BEGIN
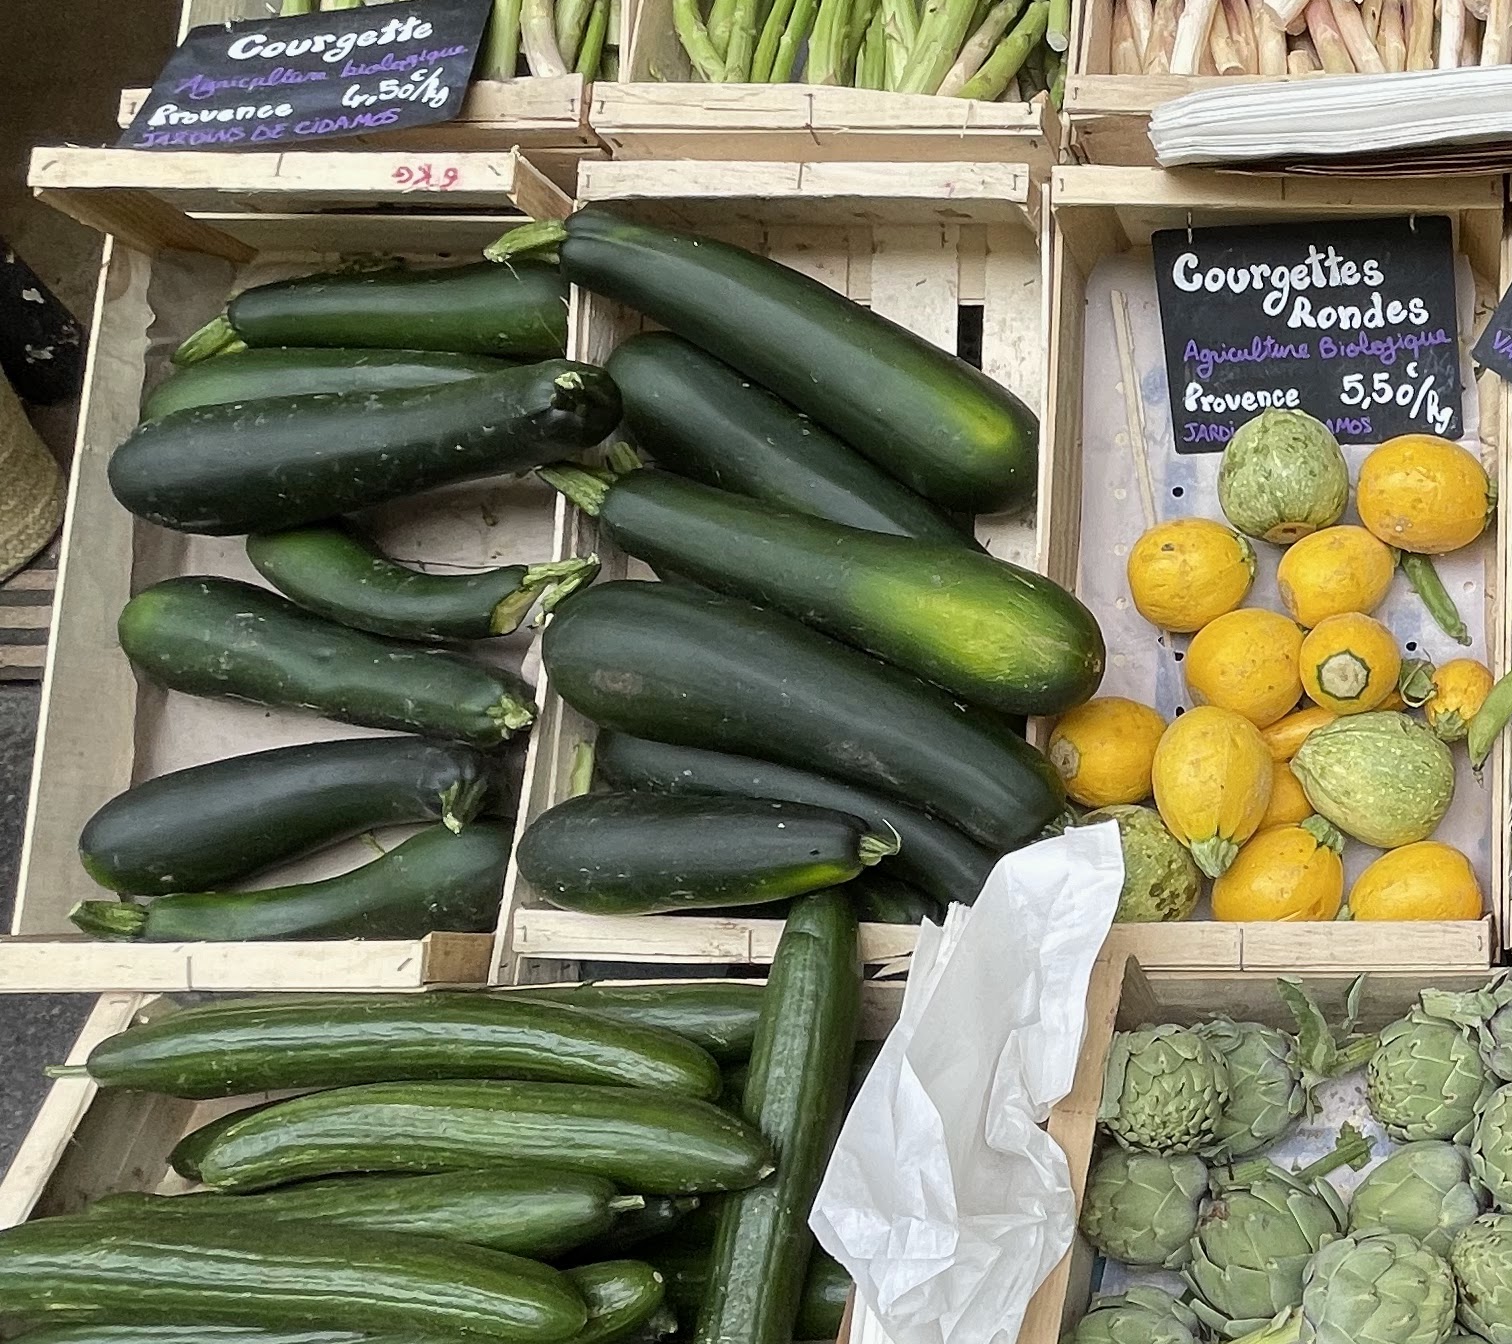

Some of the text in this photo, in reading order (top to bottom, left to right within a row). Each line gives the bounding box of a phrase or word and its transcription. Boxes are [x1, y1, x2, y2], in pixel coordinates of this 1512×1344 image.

[227, 15, 433, 63] Courgette
[147, 102, 293, 128] Provence
[250, 123, 283, 141] DE
[1173, 244, 1384, 317] Courgettes
[1287, 292, 1429, 330] Rondes
[1183, 328, 1452, 379] Agriculture Biologique
[1184, 381, 1300, 413] Provence
END
◆ The task
Repeat the records exactly, without the pictures.

◆ Response box
Some of the text in this photo, in reading order (top to bottom, left to right within a row). Each line gives the bounding box of a phrase or word and its transcription. Boxes are [x1, y1, x2, y2], in pixel coordinates of this 1512×1344 image.

[227, 15, 433, 63] Courgette
[147, 102, 293, 128] Provence
[250, 123, 283, 141] DE
[1173, 244, 1384, 317] Courgettes
[1287, 292, 1429, 330] Rondes
[1183, 328, 1452, 379] Agriculture Biologique
[1184, 381, 1300, 413] Provence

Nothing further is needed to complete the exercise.